All the major indexes in the world are moving from record to record, closing at an ever-higher level. For years, the world’s stock exchanges have known only one direction – to the north. Many investors can not remember any major crashes or have never experienced them themselves.
We are now in the ninth year of a bull market both in Germany and in all other major economies. In my view, it is time to start thinking about a possible end to this trend. And since the ascent usually takes longer than the descent, I’ve made a few thoughts on the frequency of crashes on the stock exchanges.
What is a crash anyway?
Before we go into the history of the major indices, we must first clarify what exactly is understood by a stock market crash. I once looked at Wikipedia. There is the following to “stock market crash”:
Stock market crash is called an extreme price collapse on the stock market. It takes a few days to a few weeks. During this time dominate – mostly panicky – sales, which lead to drastically falling courses.
Stock market crash usually occur at the end of a speculative bubble.
There is no clear definition of stock market crash. Unlike the bear market, prices fall faster and more suddenly, an expression of panic sales.
So a stock market crash is a steep price slump that takes place within a short time. Okay, so it’s very nice to read on a chart how many times there has been a crash in recent years.
In the history of the well-known American S&P 500 there are some crash days.
First place is October 19th, 1987. The famous “black Monday” has given the index a daily loss of 20.47%. The background of the crash are manifold.
It was preceded by a US Fed rate hike after a long period of no interest rate adjustment (which sounds familiar to me). In addition, there was much uncertainty about the stability of the dollar (that too is not unknown today).
In addition, dealers began using computers in the 1980s and performance was simply overestimated. The programs all had similar hedging strategies, and thus, after the first sell-offs, there was an intensifying effect as the programs continued to sell.
Big daily losses are rare …
From the biggest losses, you can see that there were no double-digit daily losses except once in each case. One of the reasons is that for many years there have been automatic trading stoppages that intervene with losses of more than 10%, thus slowing down panic and at least distributing the loss.
The current central bank policy also plays a major role in the increasingly lenient “crashes” of recent years. Due to the almost unlimited liquidity and the spasmodic search for yield of the markets, every major reset will be bought almost “immediately”.
However, over the past 20 years, this development has meant that although daily losses have become smaller, the fall that usually takes place in connection with a crash has turned out to be much tougher. For example, the bear markets from 2000 to 2002 and from 2007 to 2009, with a total loss of 49% and 52% for the S&P 500, were significantly more pronounced than in previous decades.
However, you can clearly see in the overviews that a stock market crash in the form of a very strong daily loss is only “relatively” rare. Now of course you should not go out cheerfully and buy shares of the DAX, just because I write here, that a stock market crash rarely occurs!

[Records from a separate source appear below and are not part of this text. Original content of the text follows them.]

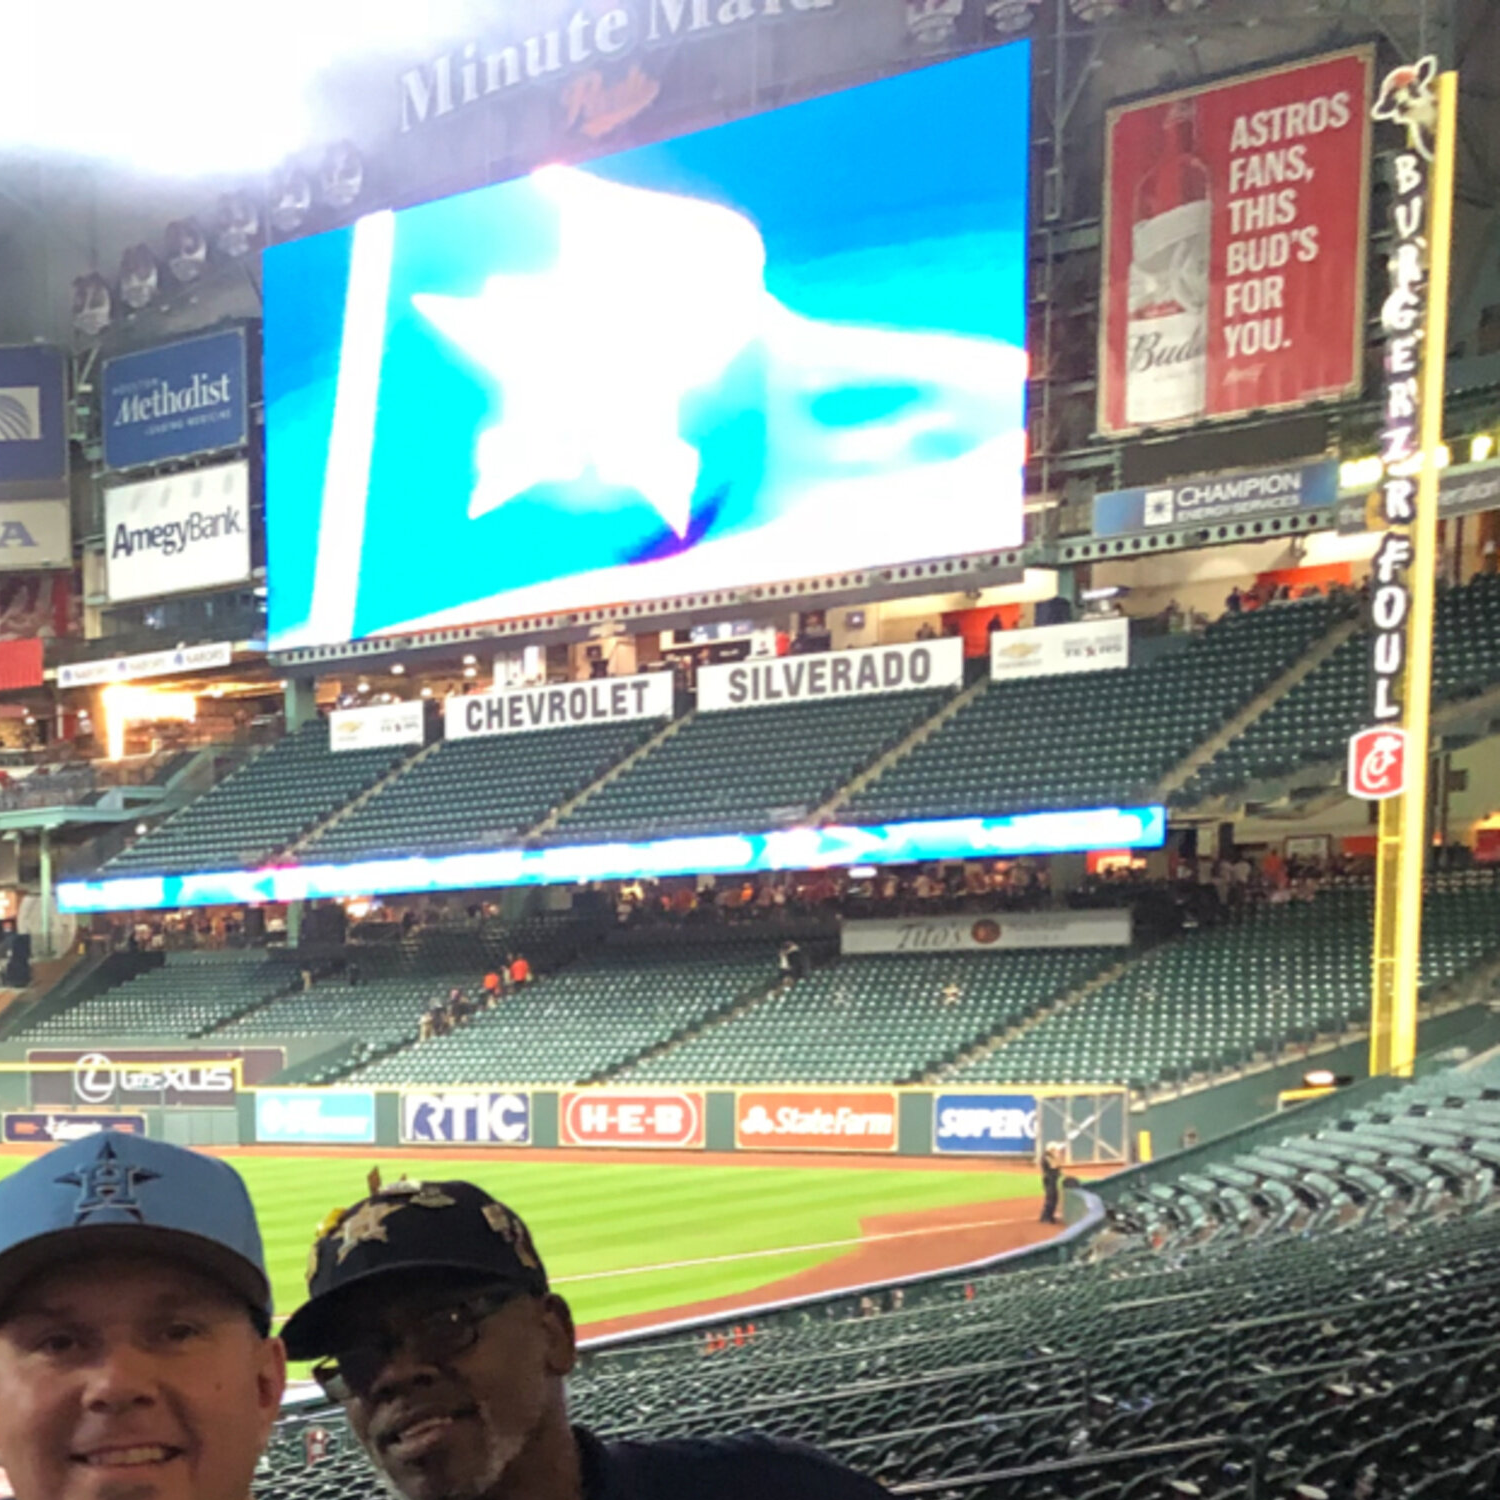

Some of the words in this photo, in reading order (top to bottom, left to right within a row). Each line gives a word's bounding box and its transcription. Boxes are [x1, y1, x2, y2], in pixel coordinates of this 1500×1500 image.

[399, 4, 629, 133] Minute
[647, 0, 835, 41] Ma
[1230, 91, 1350, 152] ASTROS
[1229, 144, 1314, 194] FANS,
[1228, 188, 1297, 235] THIS
[1226, 225, 1319, 277] BUD'S
[1224, 275, 1284, 318] FOR
[1224, 317, 1291, 358] YOU.
[113, 372, 231, 427] Methodist
[1177, 473, 1302, 507] CHAMPION
[1372, 539, 1408, 719] FOUL
[728, 647, 932, 703] SILVERADO
[465, 680, 651, 732] CHEVROLET
[406, 1093, 529, 1141] RTIC
[579, 1102, 685, 1135] H-E-B
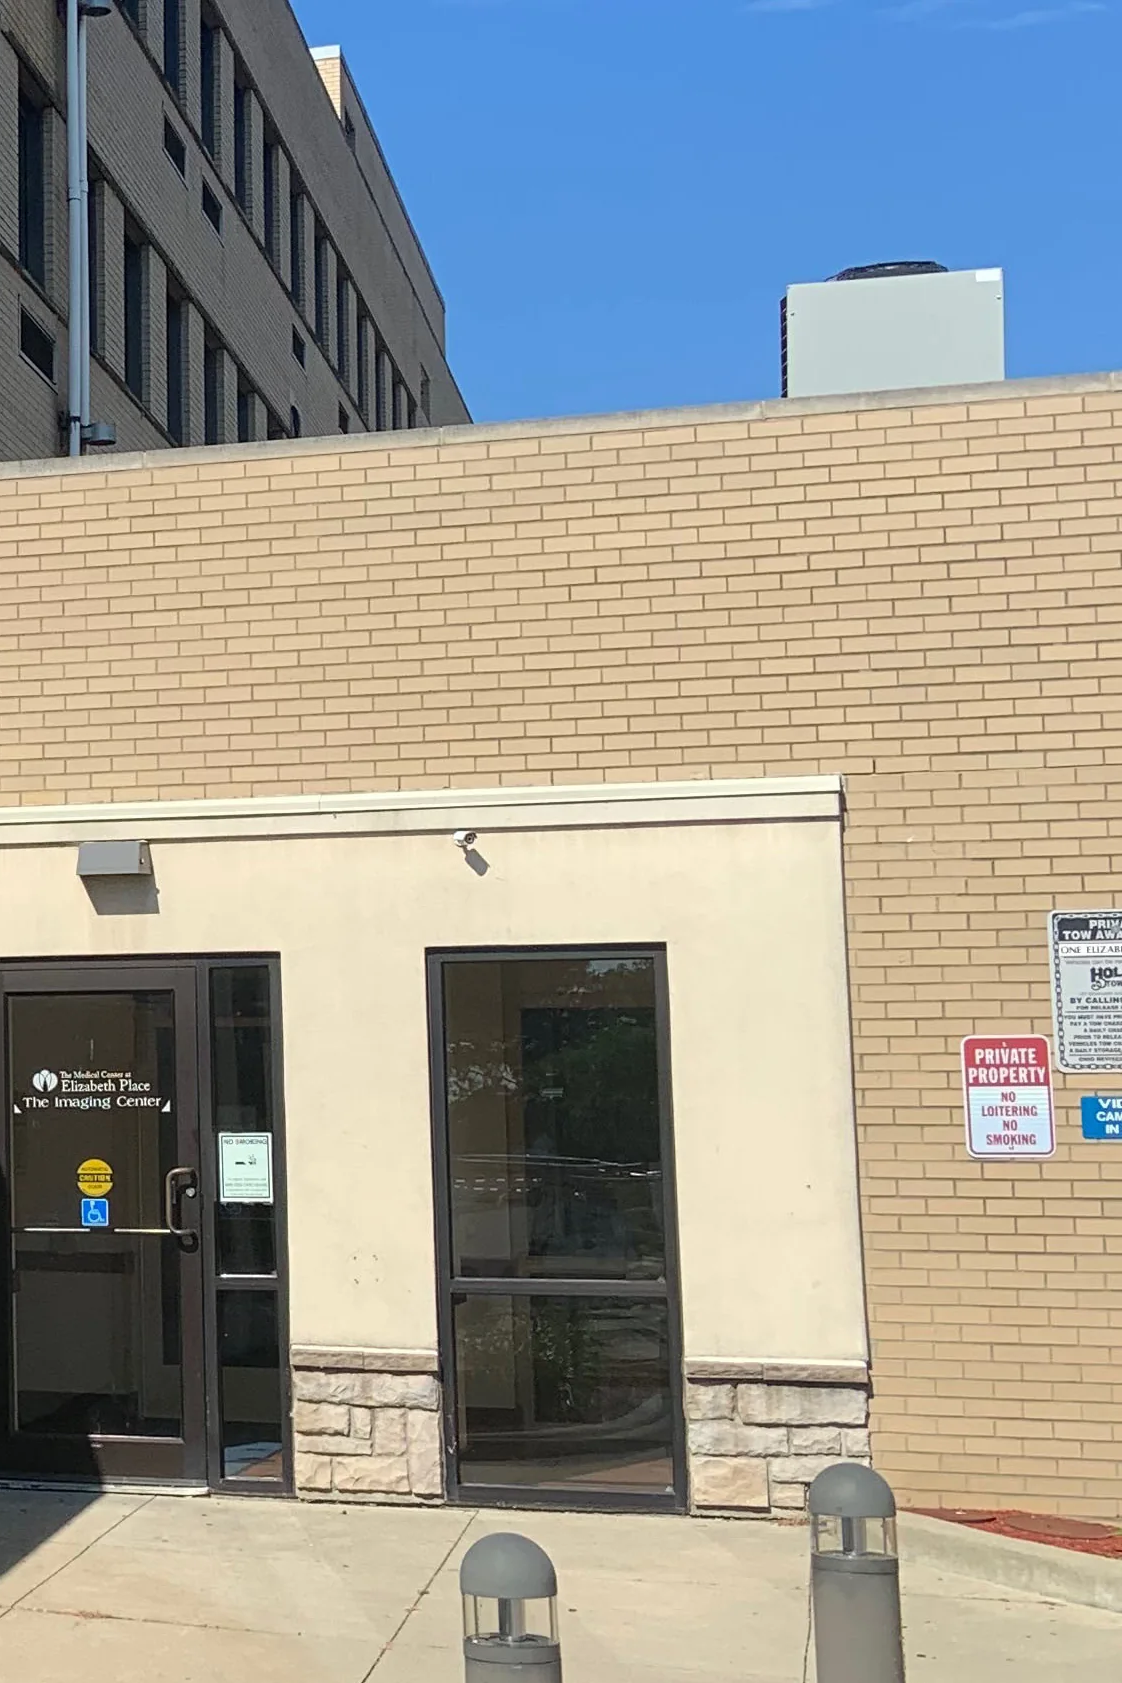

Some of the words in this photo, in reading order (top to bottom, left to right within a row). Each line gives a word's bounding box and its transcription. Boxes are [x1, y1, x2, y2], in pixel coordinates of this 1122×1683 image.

[1089, 919, 1122, 930] PRIV
[1062, 930, 1092, 940] TOW
[1060, 945, 1081, 954] ONE
[1086, 945, 1122, 954] ELIZAB
[974, 1048, 1038, 1065] PRIVATE
[59, 1071, 73, 1079] The
[73, 1070, 100, 1079] Medical
[101, 1070, 124, 1079] Center
[968, 1066, 1046, 1084] PROPERTY
[61, 1079, 117, 1092] Elizabeth
[119, 1078, 151, 1092] Place
[22, 1096, 50, 1108] The
[54, 1095, 112, 1110] Imaging
[116, 1095, 163, 1107] Center
[1000, 1091, 1016, 1103] NO
[981, 1105, 1038, 1117] LOITERING
[1002, 1119, 1018, 1131] NO
[1105, 1124, 1120, 1134] IN
[986, 1133, 1037, 1146] SMOKING
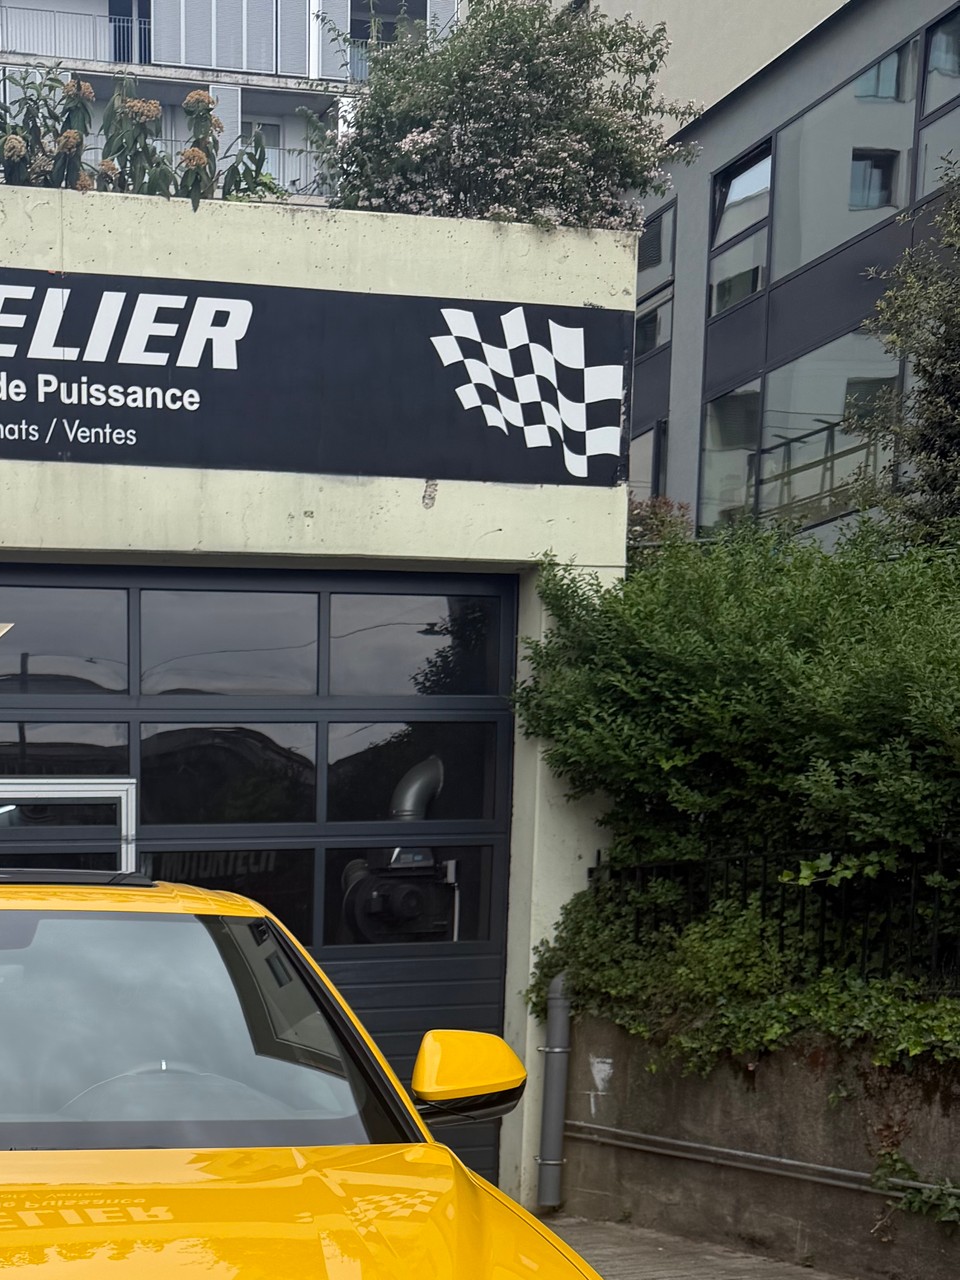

It depends on the selection
Rather, you should select your investments very targeted and try to buy the stock at a fair price for you. The time of purchase plays a minor role. If you bought on 18.10.87, that was certainly not the perfect time. But even if you had bought on 10/18/87, your investment would have been worth just over two years after the biggest daily crash of the last few decades, more than before the purchase. In the following days, after a strong sell off, there are usually follow-up purchases that at least make the price look a little better, and if you are patient, the price will rise again in the strongest bear market at some point.
So in the next crash: stay cool, think for yourself and analyze the situation … and only then take action! No panic!